__Exercise description__
The reply should consist of the line containing "this 1300×975 image." and all lines after it in the listing below, reproduced exactly and nothing more.

__Given records__
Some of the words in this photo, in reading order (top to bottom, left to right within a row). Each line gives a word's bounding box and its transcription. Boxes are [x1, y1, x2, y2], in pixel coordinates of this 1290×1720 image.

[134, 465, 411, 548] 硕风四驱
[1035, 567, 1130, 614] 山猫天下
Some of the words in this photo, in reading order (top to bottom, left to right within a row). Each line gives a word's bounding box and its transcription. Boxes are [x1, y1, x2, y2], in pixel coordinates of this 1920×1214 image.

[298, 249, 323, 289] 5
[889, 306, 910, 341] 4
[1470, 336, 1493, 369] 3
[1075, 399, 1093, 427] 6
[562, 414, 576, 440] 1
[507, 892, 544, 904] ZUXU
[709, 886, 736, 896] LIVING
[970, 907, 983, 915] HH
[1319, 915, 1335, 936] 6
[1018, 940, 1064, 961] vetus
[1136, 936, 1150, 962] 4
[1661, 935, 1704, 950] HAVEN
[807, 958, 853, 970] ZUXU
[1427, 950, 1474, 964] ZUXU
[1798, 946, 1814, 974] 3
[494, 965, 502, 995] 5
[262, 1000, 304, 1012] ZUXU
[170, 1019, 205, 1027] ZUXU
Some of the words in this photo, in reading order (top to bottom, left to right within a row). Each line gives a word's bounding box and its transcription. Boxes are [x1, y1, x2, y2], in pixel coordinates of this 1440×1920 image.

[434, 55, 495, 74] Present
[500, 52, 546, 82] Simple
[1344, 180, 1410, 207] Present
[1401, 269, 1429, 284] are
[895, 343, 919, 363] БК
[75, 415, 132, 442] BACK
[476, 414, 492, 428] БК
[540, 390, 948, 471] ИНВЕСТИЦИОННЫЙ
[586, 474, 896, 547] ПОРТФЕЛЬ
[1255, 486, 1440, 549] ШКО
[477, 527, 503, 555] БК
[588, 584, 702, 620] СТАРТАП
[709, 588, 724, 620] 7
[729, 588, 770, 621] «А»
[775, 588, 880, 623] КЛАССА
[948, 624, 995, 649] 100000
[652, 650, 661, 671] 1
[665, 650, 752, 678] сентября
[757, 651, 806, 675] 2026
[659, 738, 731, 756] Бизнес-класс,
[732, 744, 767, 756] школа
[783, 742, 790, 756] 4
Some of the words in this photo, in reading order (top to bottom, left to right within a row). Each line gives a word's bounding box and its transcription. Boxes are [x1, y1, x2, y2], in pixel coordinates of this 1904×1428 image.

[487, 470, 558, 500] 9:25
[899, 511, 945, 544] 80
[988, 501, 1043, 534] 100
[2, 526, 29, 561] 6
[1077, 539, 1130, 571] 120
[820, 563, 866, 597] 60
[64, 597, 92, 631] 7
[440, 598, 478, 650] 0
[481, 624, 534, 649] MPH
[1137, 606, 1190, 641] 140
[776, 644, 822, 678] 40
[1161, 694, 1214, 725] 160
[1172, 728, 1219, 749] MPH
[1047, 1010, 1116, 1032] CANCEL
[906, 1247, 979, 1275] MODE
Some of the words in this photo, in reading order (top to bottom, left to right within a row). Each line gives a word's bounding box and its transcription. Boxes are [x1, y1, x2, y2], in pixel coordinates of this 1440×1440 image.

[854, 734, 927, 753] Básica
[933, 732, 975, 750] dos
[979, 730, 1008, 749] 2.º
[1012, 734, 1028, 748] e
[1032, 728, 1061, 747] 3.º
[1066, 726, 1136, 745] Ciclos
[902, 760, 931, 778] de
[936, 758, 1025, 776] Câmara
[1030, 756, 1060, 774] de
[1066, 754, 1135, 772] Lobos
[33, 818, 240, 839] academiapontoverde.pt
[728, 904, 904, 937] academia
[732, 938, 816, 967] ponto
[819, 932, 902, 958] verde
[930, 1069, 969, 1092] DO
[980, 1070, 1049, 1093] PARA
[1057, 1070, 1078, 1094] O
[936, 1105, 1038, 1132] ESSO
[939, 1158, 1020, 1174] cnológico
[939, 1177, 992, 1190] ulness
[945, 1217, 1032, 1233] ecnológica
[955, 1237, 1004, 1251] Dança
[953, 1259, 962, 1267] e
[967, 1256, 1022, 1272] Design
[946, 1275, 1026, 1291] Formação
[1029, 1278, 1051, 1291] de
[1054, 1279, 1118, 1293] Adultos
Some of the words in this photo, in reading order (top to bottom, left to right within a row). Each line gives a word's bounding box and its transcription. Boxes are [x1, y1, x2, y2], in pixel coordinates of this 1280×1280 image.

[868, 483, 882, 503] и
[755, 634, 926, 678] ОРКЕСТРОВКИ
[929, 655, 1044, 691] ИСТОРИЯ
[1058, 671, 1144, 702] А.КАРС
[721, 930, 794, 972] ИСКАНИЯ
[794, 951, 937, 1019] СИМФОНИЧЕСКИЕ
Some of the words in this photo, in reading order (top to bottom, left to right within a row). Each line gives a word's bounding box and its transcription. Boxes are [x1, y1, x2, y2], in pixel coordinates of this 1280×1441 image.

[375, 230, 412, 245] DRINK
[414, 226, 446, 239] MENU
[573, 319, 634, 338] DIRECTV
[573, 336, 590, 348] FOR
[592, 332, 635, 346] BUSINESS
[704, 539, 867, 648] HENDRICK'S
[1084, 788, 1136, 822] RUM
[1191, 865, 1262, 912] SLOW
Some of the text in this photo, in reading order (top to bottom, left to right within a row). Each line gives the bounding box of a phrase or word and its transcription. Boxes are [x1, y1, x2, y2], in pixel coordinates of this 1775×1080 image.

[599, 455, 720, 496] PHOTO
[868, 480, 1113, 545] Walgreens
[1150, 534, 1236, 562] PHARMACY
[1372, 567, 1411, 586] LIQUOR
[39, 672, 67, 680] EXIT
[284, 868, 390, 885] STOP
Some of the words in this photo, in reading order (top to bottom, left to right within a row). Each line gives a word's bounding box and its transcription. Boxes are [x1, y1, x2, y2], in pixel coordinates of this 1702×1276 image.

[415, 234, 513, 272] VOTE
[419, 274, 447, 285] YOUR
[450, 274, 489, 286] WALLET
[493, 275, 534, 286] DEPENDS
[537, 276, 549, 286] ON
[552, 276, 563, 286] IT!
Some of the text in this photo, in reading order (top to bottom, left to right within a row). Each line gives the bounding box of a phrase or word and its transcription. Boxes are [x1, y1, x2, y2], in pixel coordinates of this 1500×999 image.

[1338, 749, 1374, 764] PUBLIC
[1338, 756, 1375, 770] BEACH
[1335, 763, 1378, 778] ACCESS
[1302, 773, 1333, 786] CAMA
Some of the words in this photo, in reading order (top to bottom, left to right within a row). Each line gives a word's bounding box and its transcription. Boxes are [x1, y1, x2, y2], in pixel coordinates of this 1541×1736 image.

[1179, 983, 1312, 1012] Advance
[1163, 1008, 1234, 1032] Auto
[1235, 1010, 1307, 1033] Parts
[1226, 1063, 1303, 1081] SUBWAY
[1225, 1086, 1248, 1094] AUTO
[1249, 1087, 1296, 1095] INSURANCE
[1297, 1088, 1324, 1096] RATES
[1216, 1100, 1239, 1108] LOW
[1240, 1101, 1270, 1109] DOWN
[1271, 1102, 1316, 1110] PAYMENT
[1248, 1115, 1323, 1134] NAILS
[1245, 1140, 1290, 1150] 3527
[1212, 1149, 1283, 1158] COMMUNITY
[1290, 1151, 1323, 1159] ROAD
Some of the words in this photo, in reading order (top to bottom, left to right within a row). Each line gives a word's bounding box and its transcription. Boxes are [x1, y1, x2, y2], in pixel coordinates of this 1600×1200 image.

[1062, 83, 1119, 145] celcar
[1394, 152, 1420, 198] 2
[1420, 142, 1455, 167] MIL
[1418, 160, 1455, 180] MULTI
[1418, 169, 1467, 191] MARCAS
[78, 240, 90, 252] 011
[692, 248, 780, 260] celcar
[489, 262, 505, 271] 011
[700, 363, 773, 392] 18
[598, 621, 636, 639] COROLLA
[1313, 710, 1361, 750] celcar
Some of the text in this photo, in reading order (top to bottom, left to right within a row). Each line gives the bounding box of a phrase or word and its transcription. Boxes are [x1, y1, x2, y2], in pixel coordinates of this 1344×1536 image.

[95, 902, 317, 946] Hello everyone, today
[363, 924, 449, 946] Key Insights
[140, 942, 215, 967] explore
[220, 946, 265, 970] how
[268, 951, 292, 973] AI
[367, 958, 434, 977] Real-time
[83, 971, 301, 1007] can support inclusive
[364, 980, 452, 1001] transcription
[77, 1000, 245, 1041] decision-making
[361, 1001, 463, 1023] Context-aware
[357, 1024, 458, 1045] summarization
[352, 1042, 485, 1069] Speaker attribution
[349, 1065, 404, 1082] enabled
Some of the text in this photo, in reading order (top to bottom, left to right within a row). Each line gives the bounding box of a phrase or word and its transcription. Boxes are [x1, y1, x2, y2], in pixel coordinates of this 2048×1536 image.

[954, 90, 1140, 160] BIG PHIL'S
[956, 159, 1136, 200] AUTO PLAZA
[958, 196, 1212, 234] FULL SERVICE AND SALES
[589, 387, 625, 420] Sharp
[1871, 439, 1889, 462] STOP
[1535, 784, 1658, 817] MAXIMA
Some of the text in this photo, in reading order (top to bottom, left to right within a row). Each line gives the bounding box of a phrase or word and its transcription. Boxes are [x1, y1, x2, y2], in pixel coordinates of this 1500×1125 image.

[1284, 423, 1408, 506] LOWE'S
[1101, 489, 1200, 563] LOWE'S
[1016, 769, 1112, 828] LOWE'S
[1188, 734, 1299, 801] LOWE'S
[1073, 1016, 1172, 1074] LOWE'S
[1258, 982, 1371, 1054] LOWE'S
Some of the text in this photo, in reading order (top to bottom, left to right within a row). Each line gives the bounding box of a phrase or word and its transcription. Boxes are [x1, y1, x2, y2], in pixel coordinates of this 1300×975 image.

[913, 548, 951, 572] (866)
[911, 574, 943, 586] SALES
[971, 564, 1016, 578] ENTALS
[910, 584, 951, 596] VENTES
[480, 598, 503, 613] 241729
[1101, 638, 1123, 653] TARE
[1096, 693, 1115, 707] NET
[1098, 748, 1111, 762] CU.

__Solution to this task__
Some of the text in this photo, in reading order (top to bottom, left to right within a row). Each line gives the bounding box of a phrase or word and its transcription. Boxes are [x1, y1, x2, y2], in pixel coordinates of this 1300×975 image.

[913, 548, 951, 572] (866)
[911, 574, 943, 586] SALES
[971, 564, 1016, 578] ENTALS
[910, 584, 951, 596] VENTES
[480, 598, 503, 613] 241729
[1101, 638, 1123, 653] TARE
[1096, 693, 1115, 707] NET
[1098, 748, 1111, 762] CU.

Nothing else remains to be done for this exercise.